Quasi-constant characters: Motivation, classification and applications

TL;DR

This paper introduces and classifies quasi-constant characters in reductive groups, demonstrating their relevance to Hodge line bundles and group-theoretical invariants, extending previous work on Shimura varieties.

Contribution

It generalizes the notion of minuscule characters to quasi-constant characters, proves their properties for Hodge line bundles, and classifies all such characters in reductive groups over any field.

Findings

The Hodge line bundle character is always quasi-constant.

Quasi-constant cocharacters enable construction of group-theoretical Hasse invariants.

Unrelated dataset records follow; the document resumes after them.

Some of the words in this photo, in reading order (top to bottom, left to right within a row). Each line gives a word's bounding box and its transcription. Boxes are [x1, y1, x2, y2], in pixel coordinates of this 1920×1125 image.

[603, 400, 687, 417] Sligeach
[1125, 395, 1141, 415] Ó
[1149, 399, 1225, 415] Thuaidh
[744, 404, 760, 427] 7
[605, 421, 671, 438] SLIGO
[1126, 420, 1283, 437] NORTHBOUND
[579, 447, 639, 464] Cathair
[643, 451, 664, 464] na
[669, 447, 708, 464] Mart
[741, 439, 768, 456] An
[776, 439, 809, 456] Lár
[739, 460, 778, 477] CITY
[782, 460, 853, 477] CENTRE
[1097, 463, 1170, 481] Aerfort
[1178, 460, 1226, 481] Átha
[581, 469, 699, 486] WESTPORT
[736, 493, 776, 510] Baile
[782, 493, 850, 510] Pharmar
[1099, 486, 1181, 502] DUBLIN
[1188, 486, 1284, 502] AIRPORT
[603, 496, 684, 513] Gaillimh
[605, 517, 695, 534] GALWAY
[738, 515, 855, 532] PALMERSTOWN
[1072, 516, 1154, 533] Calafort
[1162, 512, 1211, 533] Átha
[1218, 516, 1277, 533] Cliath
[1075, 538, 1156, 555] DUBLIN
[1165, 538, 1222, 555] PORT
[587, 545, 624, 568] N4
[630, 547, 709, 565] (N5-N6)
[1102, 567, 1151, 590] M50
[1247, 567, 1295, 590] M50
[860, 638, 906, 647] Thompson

Classification of quasi-constant characters in reductive groups over arbitrary fields.

Abstract

In our previous paper "Strata Hasse invariants, Hecke algebras and Galois representations", initially motivated by questions about the Hodge line bundle of a Hodge-type Shimura variety, we singled out a generalization of the notion of {\em minuscule character} which we termed {\em quasi-constant}. Here we prove that the character of the Hodge line bundle is always quasi-constant. Furthermore, we classify the quasi-constant characters of an arbitrary connected, reductive group over an arbitrary field. As an application, we observe that, if $\mu$ is a quasi-constant cocharacter of an ${\mathbf F}_p$-group $G$, then our construction of group-theoretical Hasse invariants in loc. cit. applies to the stack $G\mbox{-Zip}^{\mu}$, without any restrictions on $p$, even if the pair $(G, \mu)$ is not of Hodge type and even if $\mu$ is not minuscule. We conclude with a more speculative discussion of some further motivation for considering quasi-constant cocharacters in the setting of our program outlined in loc cit.